- Other name: SRZ
- Education: University of Buenos Aires
- Occupations: Psychologist; music curator; radio presenter;
- Years active: 2000s–present
- Notable work: Musicology (radio show and podcast)
- Website: modularmusica.com

= Soledad Rodriguez Zubieta =

Argentine music curator and radio host

Soledad Rodríguez Zubieta (also known as SRZ) is an Argentine psychologist, music curator and radio presenter. She has worked in FM radio as a music programmer and host, and has developed music-programming projects for hospitality and retail spaces through her studio Modular Música.

== Early life and education ==
Rodríguez Zubieta studied psychology at the University of Buenos Aires and later pursued postgraduate studies in cultural management in Argentina.

== Career ==

=== Radio ===
Rodriguez Zubieta has been active as a music programmer and then later as an on-air host since 2003 in Argentine FM radio. Over the following years she was associated with the Radio Metro 95.1, where she handled music selection for programmes including Brunch, Fresh and Su atención por favor.

She later hosted Musicology on Radio con Vos 89.9. The programme was subsequently distributed in archived and podcast form through services including Apple Podcasts, RadioCut, Spotify and Everand. It was a programme built around music from different years/decades and styles, rather than algorithmic playlists.

In April 2026, she was invited as Resident DJ, a radio programme on KCRW of Santa Monica College and NPR's flagship member station in Southern California, in which, each month, a featured artist takes on a residency and presents original one-hour mixes for the station.

=== DJ work and events ===
Rodríguez Zubieta has held DJ residencies and programming roles at Buenos Aires venues including Isabel restaurant and the Faena Hotel Buenos Aires.
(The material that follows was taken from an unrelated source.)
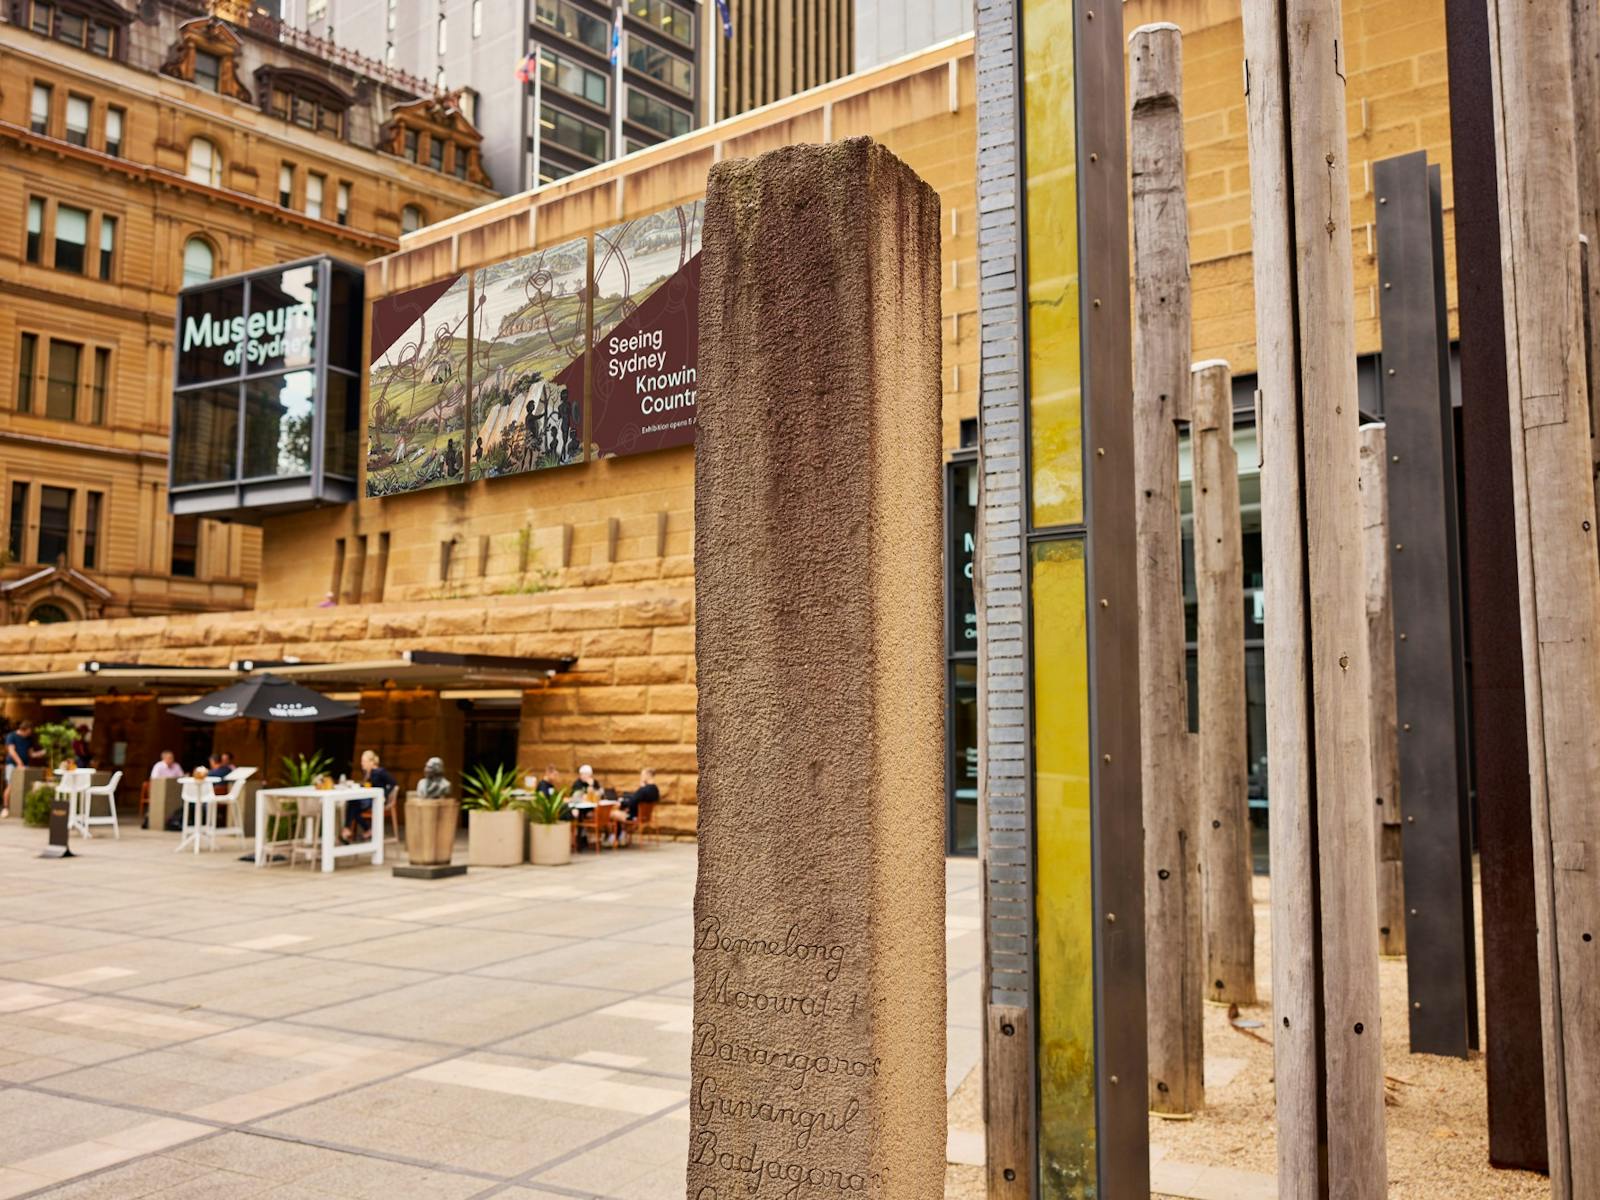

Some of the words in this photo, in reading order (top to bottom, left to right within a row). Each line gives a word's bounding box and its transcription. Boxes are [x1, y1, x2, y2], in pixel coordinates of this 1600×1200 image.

She has also performed at fashion events as Buenos Aires Fashion Week.

Under the name SRZ, Rodríguez Zubieta has been listed as a DJ in coverage of events in Buenos Aires, including appearances at Buenos Aires Fashion Week, the Unlock Festival, as well as in press features on local DJs.

=== Music direction for hospitality and retail ===
Rodríguez Zubieta has worked in music direction and curation for hospitality and retail spaces, developing music concepts and ongoing programming for venues and hotel properties in Argentina and Europe. Her work has been associated with projects linked to Isabel in Buenos Aires, the Pony Line bar at the Four Seasons Hotel Buenos Aires, the Hotel Pulitzer in Paris, and Iberostar hotels and resorts, among others.

=== Modular Música ===
In 2009 Rodríguez Zubieta founded Modular Música, described in Argentine press as a studio focused on designing and maintaining music selections for venues and brands.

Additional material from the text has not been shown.